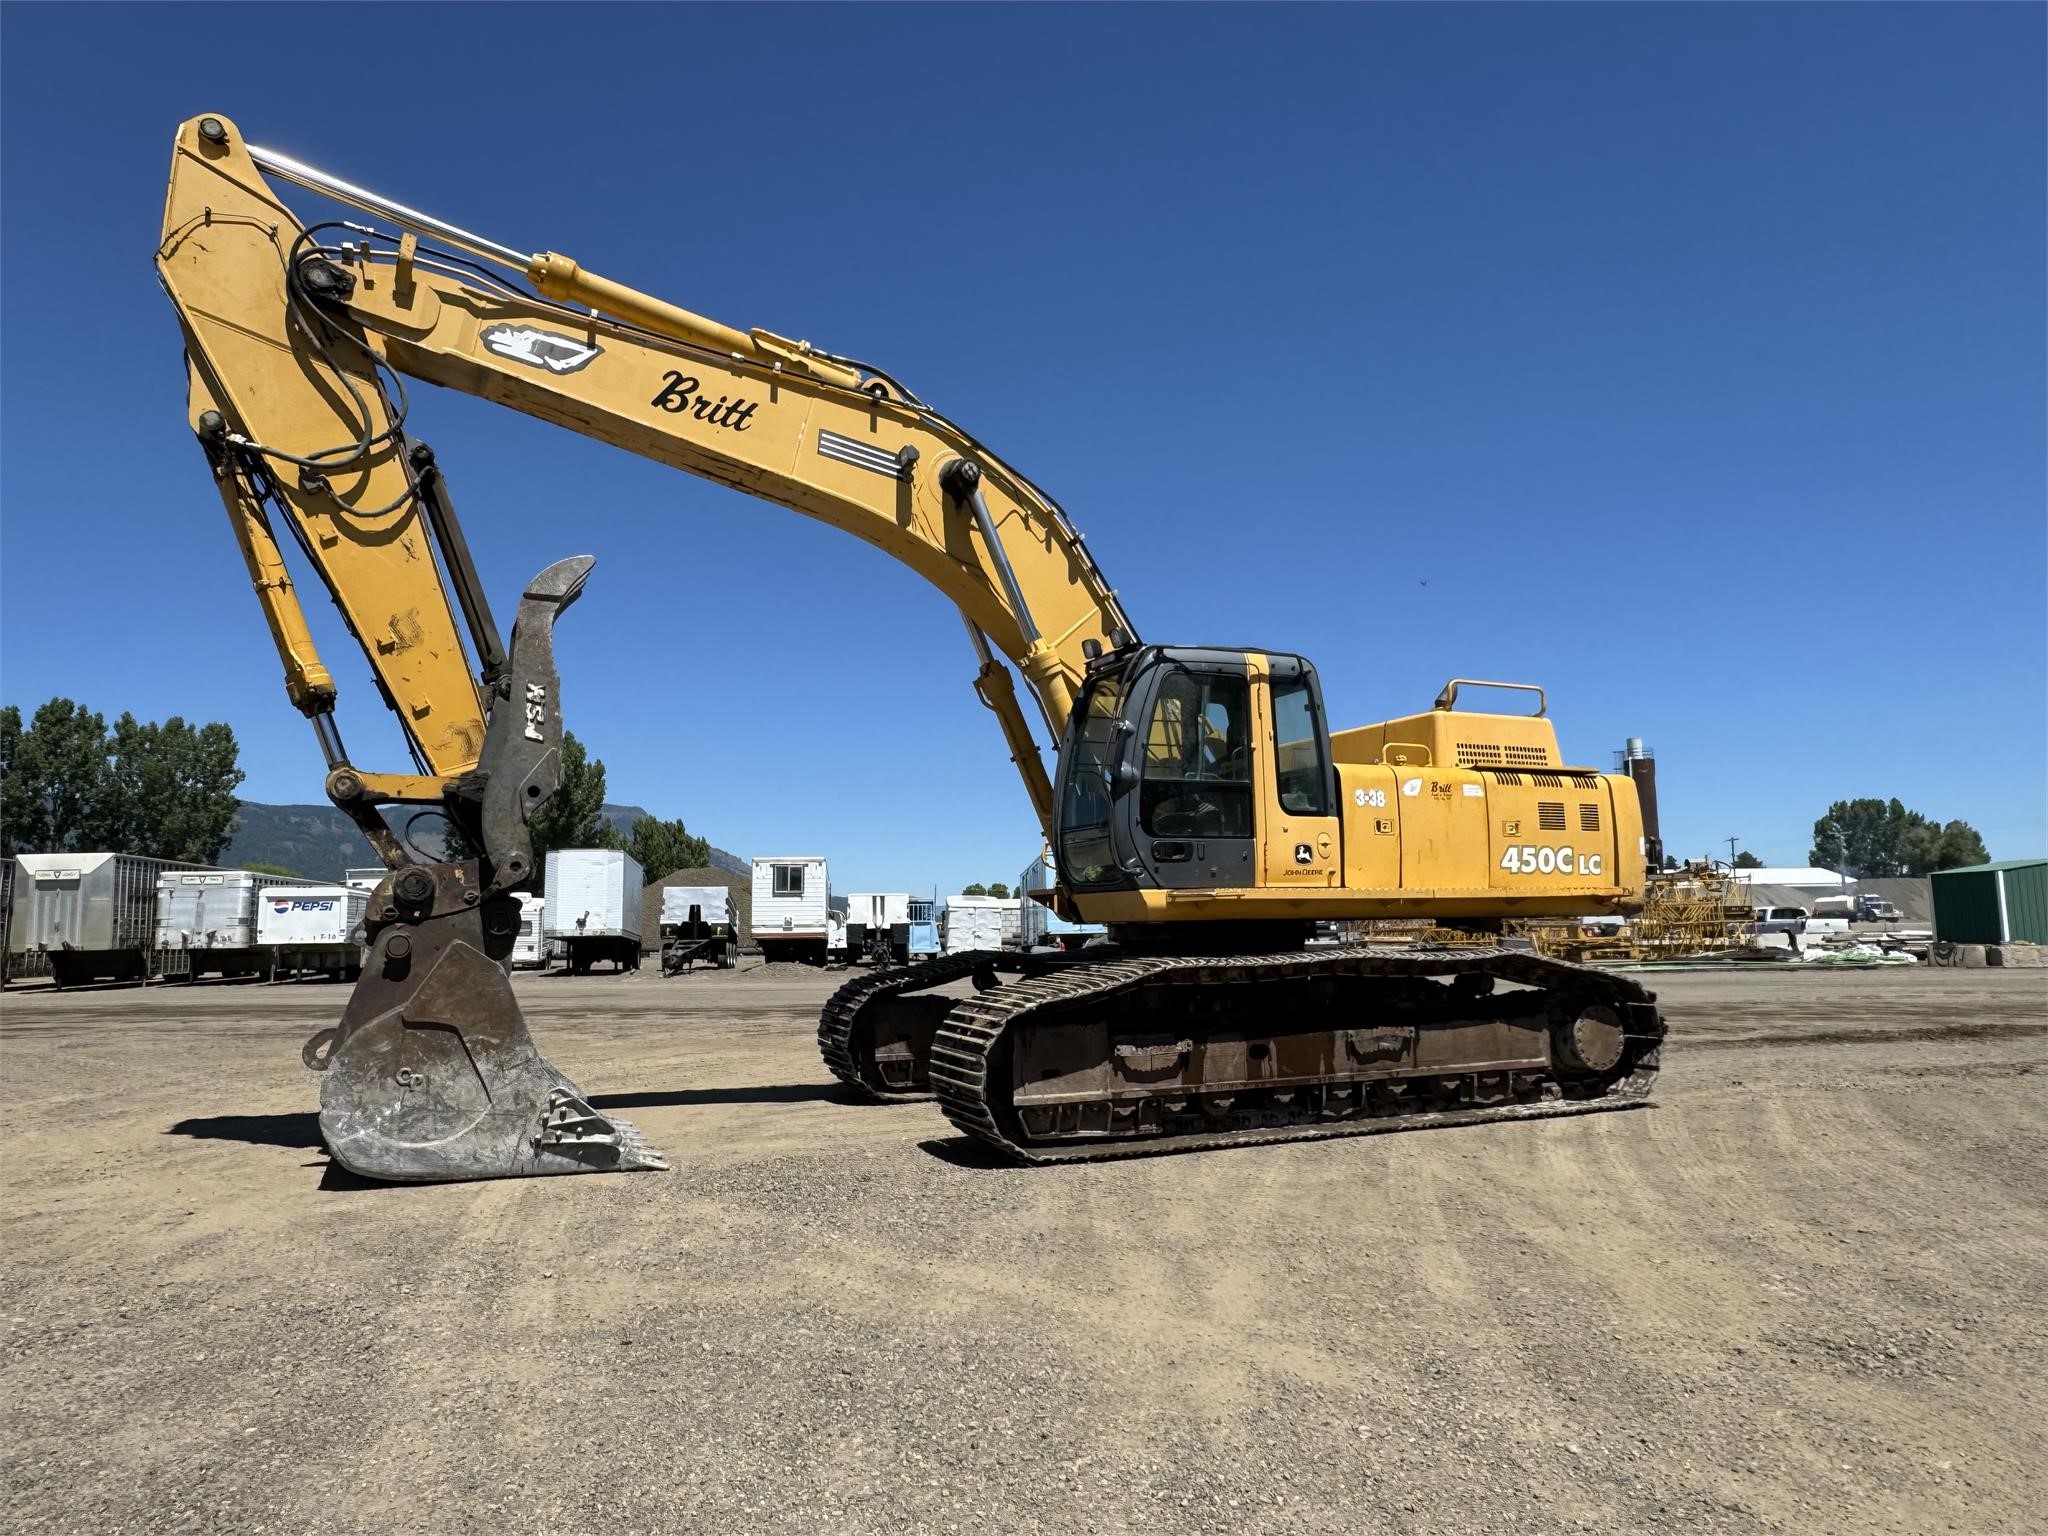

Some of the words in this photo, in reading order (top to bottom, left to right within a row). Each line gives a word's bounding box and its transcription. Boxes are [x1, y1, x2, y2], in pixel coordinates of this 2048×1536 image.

[651, 370, 759, 431] Britt
[1500, 845, 1574, 875] 450C
[1578, 854, 1601, 875] LC
[291, 901, 334, 911] PEPSI
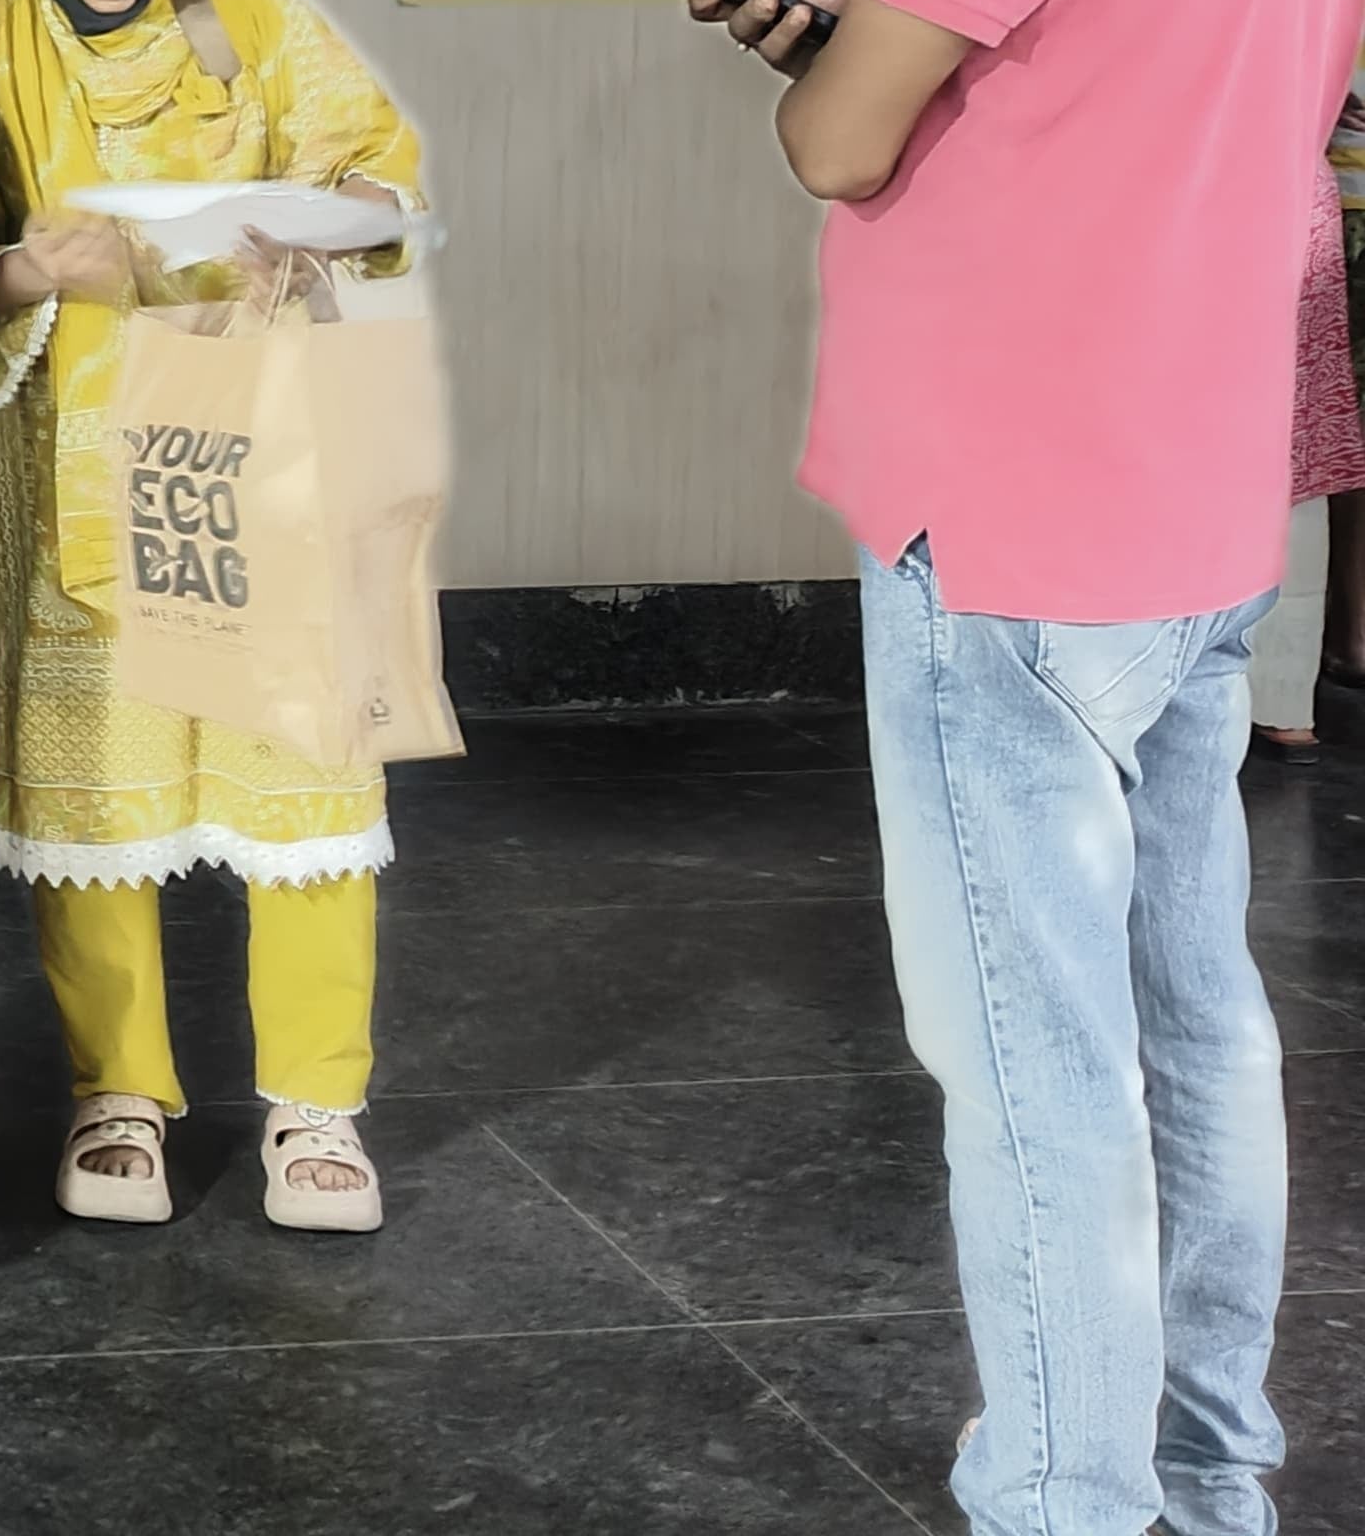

→ Task statement:
Your copy should match the data above exactly, apart from the pictures.

→ Your solution:
Some of the words in this photo, in reading order (top to bottom, left to right within a row). Each line gives a word's bounding box and its transcription. Boxes are [x1, y1, x2, y2], in pixel coordinates of this 2048×1536 image.

[651, 370, 759, 431] Britt
[1500, 845, 1574, 875] 450C
[1578, 854, 1601, 875] LC
[291, 901, 334, 911] PEPSI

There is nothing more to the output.